Tuesday 27th Oct, 2020

Hundreds of millions of dollars being invested in New Zealand’s KiwiRail network

The New Zealand Government has announced a further $109.7 million rail investment in Northland rail freight on the KiwiRail network.

This follows the injection of  $211 million to upgrade Wellington networks and services for Auckland rail.

Greg Miller, KiwiRail Group chief executive, said the Northland investment will enable hi-cube container freight to be transported by rail in the region for the first time ever.

$69.7m will be spent on lowering tracks in the 13 tunnels between Swanson and Whangarei; reopening the currently mothballed rail line north of Whangarei, between Kauri and Otiria; and building a container terminal at the Otiria rail yard, in Moerewa.

“Currently 18m tonnes of cargo is moved in and out of the region every year. Of that, around 30,000 containers leave Northland by road. Most aren’t able to fit through the tunnels, but this investment will change that – opening up a whole new market to rail,” Miller said.

“The tunnel work will have a huge impact on how freight is moved in and out of Northland.

“I’m really impressed by the ingenuity of KiwiRail’s engineering staff to be able to lower the tracks in the tunnels – which is a lot less expensive than boring bigger tunnels.”

This is the second Provincial Growth Fund (PGF) investment in Northland rail, following the $94.8m provided to make significant improvements to the Northland Line between Swanson and Whangarei, announced last year.

An additional $40m will be used by KiwiRail to purchase land along the designated rail route between Oakleigh and Northport/Marsden Point.

Miller said works in Auckland have already commenced, and will be completed in about four years.

“The third main adds an extra rail line between Westfield and Wiri in South Auckland, a section of line that is congested with freight trains going to and from Ports of Auckland and Port of Tauranga, and increasingly frequent metro commuter services.
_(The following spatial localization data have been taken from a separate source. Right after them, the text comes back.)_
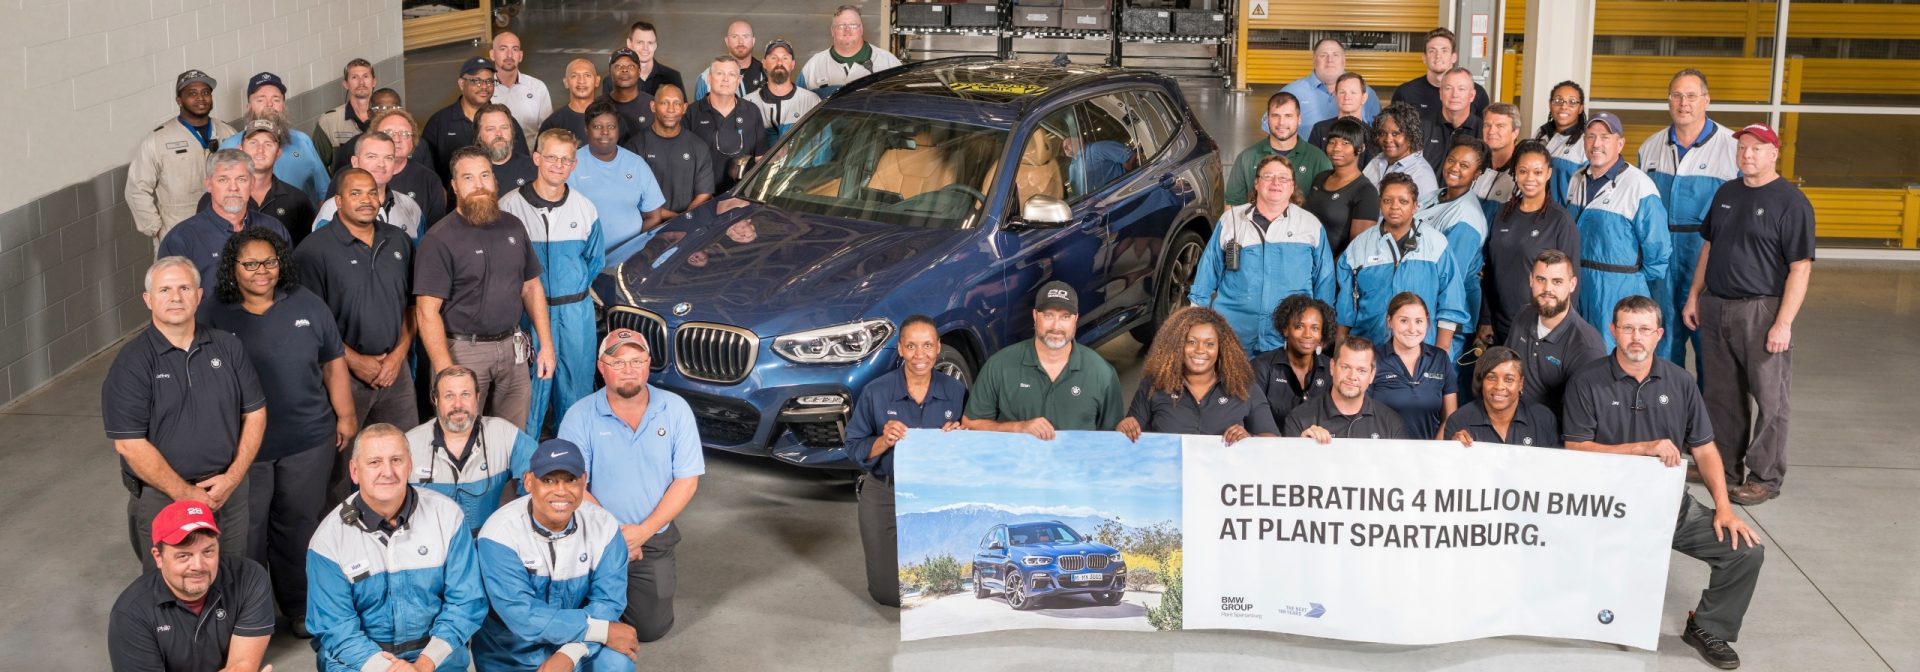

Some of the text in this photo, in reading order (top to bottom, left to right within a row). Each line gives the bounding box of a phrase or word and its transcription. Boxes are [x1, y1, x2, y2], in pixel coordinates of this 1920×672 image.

[1220, 483, 1627, 519] CELEBRATING 4 MILLION BMWs
[1219, 518, 1546, 549] AT PLANT SPARTANBURG.
[1221, 596, 1244, 604] BMW
[1221, 603, 1253, 611] GROUP
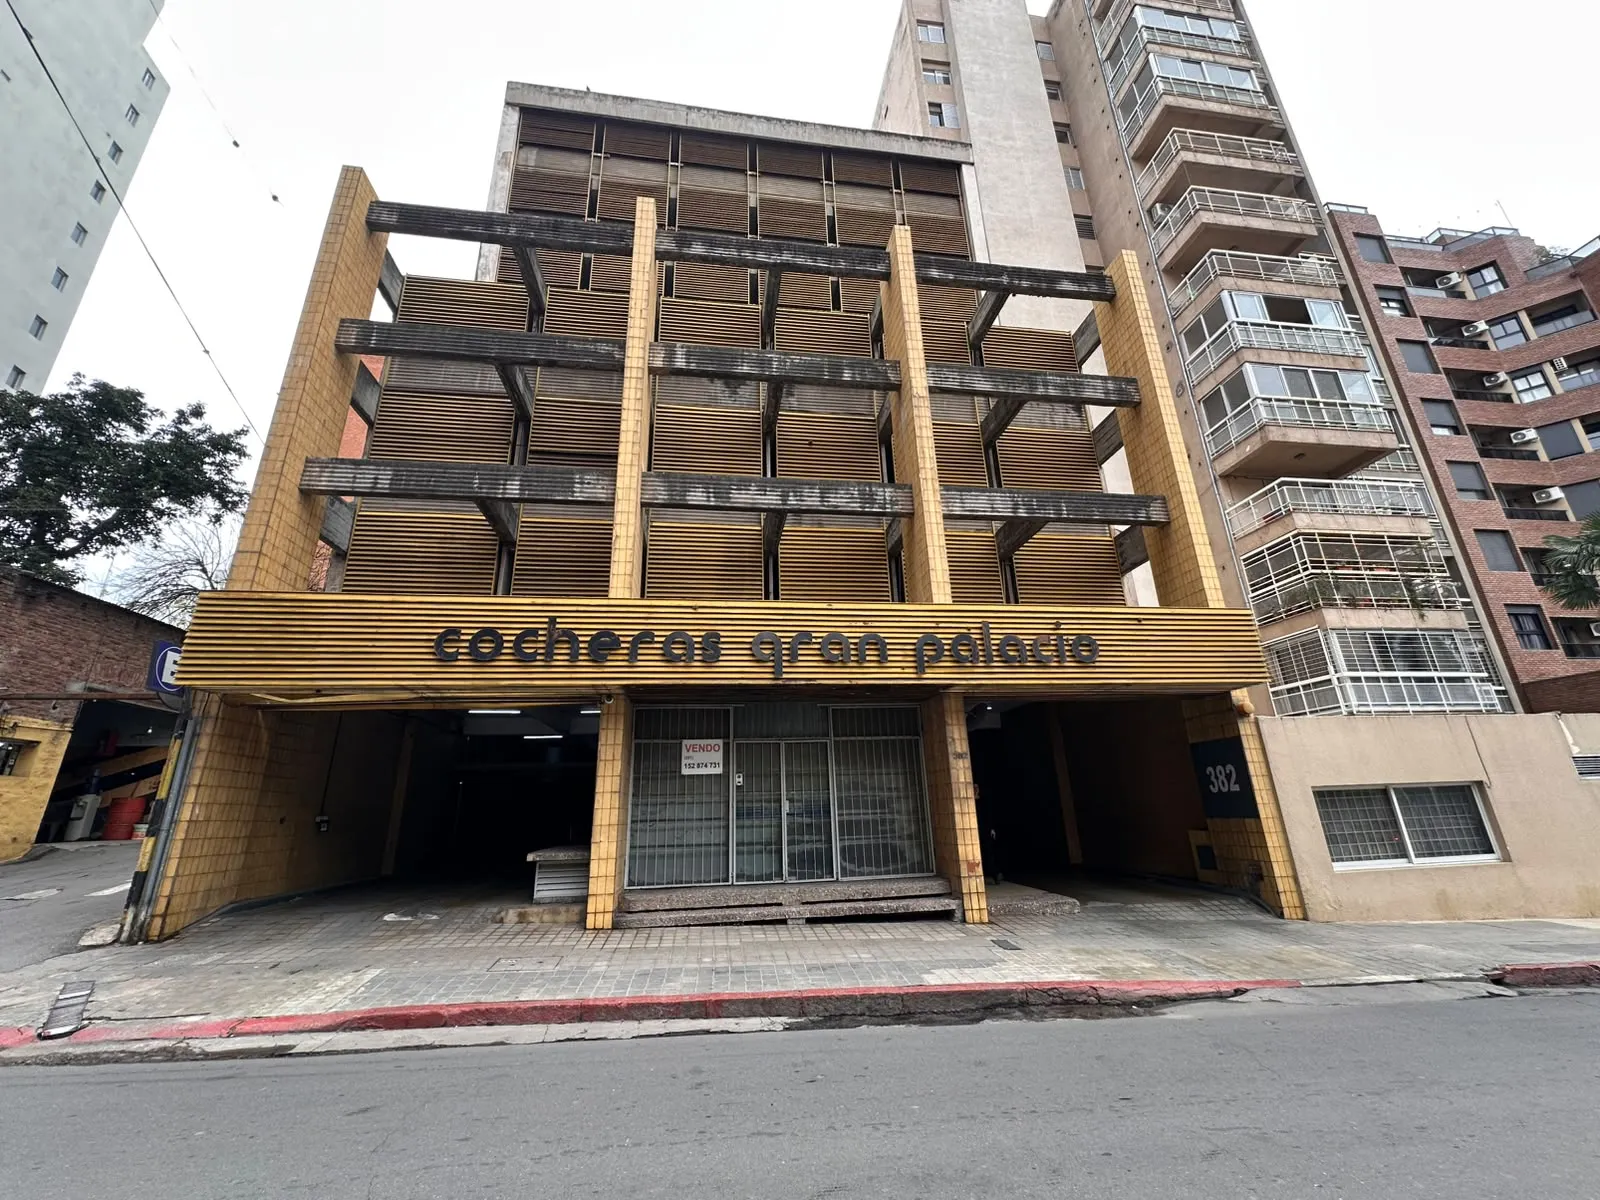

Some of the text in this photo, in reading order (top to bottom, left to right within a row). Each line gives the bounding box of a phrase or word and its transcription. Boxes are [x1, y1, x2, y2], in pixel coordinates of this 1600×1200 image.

[434, 616, 722, 663] cocheras
[915, 620, 1101, 676] palacio
[685, 743, 721, 753] VENDO
[709, 761, 721, 769] 731
[1206, 764, 1240, 793] 382
For CRL to deliver the level of commuter service Auckland needs, the 3rd main is crucial,” he said.

David Gordon, KiwiRail chief operating officer – capital projects and asset development, said work on the Wairarapa Line will start later this year, following the government’s $96m investment announced in 2018.

“$70m will be spent on improving the signalling system and track approach to Wellington Station, particularly the area north of the stadium where the Johnsonville, Hutt Valley, and Kapiti Lines all come together,” Gordan said.

A $15m investment in carriages for the Capital Connection service will allow KiwiRail to fully refurbish ex-Auckland Transport carriages including new interiors, seats, and toilets.